Postcolonoscopy colorectal cancers (PCCRCs) are CRCs occurring between 6 months and 3 years after an index colonoscopy.1 Significant variation in PCCRC rates exist between endoscopy units (3.2%–16.4%).2 British Society of Gastroenterology standards advise that all units should develop a system for capturing data on PCCRCs and for investigating these cases by root cause analysis (RCA) and should aim for a PCCRC rate of less than 5% at 3 years.3
A number of factors are known to be associated with PCCRC including patients at increased risk which include those with inflammatory bowel disease (IBD), diverticular disease, those who are female, older and those with comorbidity.1 PCCRCs are also associated with endoscopists with low adenoma detection rate (ADR), where resections of lesions are incomplete and in certain types of lesion morphology such as subtle, flat, depressed and serrated lesions, particularly in the proximal colon.

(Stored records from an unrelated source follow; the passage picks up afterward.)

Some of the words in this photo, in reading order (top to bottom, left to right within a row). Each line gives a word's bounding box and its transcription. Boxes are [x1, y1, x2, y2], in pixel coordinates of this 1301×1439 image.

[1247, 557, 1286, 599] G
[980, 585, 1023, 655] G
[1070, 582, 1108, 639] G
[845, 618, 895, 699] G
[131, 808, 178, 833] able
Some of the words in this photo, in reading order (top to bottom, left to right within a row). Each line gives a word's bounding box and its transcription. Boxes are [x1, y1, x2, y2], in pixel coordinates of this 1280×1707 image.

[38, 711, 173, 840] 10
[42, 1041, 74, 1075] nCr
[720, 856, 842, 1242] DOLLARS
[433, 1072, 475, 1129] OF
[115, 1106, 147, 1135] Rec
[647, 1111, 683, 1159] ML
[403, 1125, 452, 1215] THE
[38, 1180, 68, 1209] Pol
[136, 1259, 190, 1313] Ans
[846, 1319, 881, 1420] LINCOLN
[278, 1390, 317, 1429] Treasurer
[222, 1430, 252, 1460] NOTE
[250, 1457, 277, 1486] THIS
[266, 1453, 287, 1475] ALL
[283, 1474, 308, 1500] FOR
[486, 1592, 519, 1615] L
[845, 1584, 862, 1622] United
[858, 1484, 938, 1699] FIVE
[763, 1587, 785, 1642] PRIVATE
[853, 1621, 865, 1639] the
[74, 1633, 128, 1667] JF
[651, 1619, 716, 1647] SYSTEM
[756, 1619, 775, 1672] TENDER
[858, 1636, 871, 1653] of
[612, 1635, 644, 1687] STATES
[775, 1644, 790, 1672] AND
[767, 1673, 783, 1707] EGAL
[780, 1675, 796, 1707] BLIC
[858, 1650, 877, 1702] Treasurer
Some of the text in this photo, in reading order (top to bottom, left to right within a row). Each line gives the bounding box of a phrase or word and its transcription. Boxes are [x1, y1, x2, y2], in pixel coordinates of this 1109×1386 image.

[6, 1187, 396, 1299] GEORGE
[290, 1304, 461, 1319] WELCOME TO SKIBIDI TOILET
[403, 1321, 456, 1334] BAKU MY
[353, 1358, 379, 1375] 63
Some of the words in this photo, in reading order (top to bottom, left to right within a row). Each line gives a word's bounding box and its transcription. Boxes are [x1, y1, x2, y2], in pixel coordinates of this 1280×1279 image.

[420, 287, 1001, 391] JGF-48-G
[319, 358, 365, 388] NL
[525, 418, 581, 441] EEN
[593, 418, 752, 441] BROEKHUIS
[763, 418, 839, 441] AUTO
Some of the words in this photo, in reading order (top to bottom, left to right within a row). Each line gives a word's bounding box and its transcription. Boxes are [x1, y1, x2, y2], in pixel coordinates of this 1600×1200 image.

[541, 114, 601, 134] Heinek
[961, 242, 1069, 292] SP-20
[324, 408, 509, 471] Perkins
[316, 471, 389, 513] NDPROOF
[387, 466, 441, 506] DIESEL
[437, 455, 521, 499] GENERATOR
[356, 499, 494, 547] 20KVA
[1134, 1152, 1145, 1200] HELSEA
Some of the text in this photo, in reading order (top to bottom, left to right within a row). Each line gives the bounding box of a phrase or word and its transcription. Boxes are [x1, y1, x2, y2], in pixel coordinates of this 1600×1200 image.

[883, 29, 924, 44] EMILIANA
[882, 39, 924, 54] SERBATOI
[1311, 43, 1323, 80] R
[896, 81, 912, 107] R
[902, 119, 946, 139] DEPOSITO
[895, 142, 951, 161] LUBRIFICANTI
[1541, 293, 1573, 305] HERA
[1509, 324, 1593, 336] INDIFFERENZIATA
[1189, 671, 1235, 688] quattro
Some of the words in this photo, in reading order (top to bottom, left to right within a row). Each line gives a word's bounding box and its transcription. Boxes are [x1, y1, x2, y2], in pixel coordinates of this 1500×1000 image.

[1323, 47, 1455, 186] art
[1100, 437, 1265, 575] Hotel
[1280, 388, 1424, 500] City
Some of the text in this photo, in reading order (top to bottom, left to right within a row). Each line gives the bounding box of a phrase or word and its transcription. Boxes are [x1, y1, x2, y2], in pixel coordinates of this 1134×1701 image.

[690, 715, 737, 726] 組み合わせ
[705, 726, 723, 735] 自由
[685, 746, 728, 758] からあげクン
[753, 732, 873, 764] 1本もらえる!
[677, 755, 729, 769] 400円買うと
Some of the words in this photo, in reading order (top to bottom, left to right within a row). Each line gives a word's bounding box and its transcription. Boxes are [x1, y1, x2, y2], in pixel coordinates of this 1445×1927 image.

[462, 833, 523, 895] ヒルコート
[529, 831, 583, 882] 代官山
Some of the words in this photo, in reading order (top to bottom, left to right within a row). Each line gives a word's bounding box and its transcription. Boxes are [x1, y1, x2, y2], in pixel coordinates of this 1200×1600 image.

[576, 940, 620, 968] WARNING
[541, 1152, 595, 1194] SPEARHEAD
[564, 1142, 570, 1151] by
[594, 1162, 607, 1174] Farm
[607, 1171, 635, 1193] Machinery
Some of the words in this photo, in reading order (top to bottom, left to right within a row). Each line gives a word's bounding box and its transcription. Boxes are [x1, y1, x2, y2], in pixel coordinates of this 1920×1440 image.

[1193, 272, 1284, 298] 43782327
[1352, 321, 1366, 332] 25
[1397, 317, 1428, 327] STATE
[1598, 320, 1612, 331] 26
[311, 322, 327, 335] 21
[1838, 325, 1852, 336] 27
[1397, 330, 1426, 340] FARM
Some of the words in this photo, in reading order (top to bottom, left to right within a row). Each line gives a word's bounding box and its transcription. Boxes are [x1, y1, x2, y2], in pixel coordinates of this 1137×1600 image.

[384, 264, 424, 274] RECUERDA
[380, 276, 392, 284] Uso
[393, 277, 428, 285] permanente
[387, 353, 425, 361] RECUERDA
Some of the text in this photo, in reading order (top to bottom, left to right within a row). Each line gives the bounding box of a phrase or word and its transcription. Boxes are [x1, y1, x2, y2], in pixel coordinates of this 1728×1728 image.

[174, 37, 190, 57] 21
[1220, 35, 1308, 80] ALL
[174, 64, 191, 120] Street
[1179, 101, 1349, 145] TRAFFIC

The study by Ahmad et al undertook RCA of all potential cases of PCCRC within one large, expert centre in the UK.4 Having sifted out incorrect inclusion of cases, 58 were true PCCRCs. The main factors associated with PCCRC were possible missed lesions, inadequate procedures and not resected or incompletely resected lesions. New or rapidly growing lesions have been proposed elsewhere to be a potential explanation for PCCRCs and guidance proposes undertaking Microsatellite Instability testing on all PCCRCs.1 It is very interesting to note, however, that none of the lesions in this study were felt to be new or rapidly growing cancers. Therefore, all cases identified in this study had the potential to be diagnosed at initial colonoscopy and as such could all potentially have been prevented.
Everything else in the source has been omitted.